*** Provided records ***
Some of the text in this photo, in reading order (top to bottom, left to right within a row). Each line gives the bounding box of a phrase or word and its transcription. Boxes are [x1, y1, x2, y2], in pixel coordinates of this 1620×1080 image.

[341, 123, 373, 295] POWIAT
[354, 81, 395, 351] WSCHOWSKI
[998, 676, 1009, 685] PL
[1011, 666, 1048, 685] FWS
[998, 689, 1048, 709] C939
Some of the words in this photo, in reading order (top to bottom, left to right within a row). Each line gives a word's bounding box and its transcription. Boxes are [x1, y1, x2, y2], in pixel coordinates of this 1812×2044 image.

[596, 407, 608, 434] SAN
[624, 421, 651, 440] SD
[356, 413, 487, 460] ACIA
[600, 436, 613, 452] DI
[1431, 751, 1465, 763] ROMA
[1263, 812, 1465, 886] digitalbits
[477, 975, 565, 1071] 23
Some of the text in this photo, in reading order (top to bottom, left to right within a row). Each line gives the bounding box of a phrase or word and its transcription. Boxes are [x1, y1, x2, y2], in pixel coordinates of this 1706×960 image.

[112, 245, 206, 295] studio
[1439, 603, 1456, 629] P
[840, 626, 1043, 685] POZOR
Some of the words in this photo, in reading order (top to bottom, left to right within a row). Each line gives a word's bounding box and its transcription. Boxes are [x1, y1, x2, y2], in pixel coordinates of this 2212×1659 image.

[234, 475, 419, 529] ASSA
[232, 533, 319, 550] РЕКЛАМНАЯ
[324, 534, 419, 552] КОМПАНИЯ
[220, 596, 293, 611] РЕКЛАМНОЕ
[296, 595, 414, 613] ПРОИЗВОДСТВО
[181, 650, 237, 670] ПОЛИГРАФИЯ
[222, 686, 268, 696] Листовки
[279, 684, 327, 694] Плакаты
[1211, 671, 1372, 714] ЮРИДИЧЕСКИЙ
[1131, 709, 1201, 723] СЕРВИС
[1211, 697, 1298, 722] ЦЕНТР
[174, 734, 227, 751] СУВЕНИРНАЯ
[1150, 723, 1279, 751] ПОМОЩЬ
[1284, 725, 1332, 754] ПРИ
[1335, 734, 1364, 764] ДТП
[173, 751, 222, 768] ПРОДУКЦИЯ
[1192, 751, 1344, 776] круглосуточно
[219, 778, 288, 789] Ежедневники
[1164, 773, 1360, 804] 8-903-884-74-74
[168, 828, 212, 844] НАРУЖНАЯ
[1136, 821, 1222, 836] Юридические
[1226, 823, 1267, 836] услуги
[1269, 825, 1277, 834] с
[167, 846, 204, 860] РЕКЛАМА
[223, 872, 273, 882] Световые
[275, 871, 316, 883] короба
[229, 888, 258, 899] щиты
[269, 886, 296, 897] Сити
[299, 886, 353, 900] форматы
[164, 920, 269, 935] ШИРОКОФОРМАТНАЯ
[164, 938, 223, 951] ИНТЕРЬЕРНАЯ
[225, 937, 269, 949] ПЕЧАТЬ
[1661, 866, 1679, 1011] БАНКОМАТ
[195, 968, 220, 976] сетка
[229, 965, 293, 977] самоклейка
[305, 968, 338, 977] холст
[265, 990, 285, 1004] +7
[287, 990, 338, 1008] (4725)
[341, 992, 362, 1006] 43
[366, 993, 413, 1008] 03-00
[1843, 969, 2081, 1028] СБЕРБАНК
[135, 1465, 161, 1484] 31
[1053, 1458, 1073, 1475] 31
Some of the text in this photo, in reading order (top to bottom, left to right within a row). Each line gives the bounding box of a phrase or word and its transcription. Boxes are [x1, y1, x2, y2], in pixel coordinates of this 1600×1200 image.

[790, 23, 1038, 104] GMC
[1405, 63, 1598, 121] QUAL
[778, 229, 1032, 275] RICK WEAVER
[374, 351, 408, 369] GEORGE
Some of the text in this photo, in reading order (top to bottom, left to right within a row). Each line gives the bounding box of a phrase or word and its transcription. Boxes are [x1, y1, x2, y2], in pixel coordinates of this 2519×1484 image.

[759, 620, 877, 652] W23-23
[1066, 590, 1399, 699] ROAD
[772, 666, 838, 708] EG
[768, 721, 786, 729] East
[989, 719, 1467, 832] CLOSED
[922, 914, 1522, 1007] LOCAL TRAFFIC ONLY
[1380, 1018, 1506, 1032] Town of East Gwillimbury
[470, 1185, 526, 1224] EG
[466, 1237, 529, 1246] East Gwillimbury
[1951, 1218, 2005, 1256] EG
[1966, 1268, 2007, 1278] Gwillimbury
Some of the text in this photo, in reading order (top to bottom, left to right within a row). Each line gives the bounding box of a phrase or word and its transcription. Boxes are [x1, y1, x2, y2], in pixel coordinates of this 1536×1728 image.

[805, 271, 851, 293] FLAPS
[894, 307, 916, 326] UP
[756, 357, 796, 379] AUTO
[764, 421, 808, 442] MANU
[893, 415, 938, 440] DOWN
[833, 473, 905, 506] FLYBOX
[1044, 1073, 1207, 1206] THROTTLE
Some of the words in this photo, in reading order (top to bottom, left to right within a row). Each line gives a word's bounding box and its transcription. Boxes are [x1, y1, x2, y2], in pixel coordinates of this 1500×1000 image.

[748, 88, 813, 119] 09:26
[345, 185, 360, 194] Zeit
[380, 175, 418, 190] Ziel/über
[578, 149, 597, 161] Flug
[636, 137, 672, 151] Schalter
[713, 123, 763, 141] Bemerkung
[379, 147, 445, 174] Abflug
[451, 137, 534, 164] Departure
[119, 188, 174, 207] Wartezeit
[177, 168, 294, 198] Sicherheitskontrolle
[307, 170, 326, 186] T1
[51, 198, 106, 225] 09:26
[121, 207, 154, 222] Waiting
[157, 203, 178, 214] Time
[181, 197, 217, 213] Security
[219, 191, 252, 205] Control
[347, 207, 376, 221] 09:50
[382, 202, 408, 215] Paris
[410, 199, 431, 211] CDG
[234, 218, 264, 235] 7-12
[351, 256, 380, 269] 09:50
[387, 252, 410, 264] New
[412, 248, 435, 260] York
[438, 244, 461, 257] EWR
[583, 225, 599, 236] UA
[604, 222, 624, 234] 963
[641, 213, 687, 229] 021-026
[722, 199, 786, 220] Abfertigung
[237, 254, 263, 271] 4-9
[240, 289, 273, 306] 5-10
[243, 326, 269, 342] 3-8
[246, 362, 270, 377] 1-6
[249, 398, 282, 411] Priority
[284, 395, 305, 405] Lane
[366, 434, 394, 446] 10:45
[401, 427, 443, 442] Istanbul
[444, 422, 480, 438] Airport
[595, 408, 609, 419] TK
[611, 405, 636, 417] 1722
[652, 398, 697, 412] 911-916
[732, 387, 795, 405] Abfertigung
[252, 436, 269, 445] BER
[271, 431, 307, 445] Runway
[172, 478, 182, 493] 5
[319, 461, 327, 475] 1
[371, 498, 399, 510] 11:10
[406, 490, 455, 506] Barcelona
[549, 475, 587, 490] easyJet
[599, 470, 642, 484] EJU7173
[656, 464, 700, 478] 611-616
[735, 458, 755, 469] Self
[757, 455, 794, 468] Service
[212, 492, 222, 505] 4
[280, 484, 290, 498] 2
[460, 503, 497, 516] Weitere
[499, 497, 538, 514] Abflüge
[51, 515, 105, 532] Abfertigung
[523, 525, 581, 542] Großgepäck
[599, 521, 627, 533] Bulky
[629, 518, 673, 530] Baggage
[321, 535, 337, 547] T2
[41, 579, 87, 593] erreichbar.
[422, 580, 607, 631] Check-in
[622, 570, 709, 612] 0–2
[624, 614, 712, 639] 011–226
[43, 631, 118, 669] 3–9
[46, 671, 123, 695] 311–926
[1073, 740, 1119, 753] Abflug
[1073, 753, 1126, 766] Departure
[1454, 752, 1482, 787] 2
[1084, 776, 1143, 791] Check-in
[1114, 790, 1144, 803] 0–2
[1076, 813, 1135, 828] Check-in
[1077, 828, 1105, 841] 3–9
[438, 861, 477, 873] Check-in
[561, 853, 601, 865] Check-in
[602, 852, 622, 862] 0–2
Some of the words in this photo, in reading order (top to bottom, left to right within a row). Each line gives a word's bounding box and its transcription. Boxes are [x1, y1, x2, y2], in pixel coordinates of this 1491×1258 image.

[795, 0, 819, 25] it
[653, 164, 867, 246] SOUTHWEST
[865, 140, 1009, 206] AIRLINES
*** End of Provided records ***
### Work task
Would you set down exactly the lines from the line with "this 1491×1258 image." through the last one in the material?

### Exercise response
Some of the words in this photo, in reading order (top to bottom, left to right within a row). Each line gives a word's bounding box and its transcription. Boxes are [x1, y1, x2, y2], in pixel coordinates of this 1491×1258 image.

[795, 0, 819, 25] it
[653, 164, 867, 246] SOUTHWEST
[865, 140, 1009, 206] AIRLINES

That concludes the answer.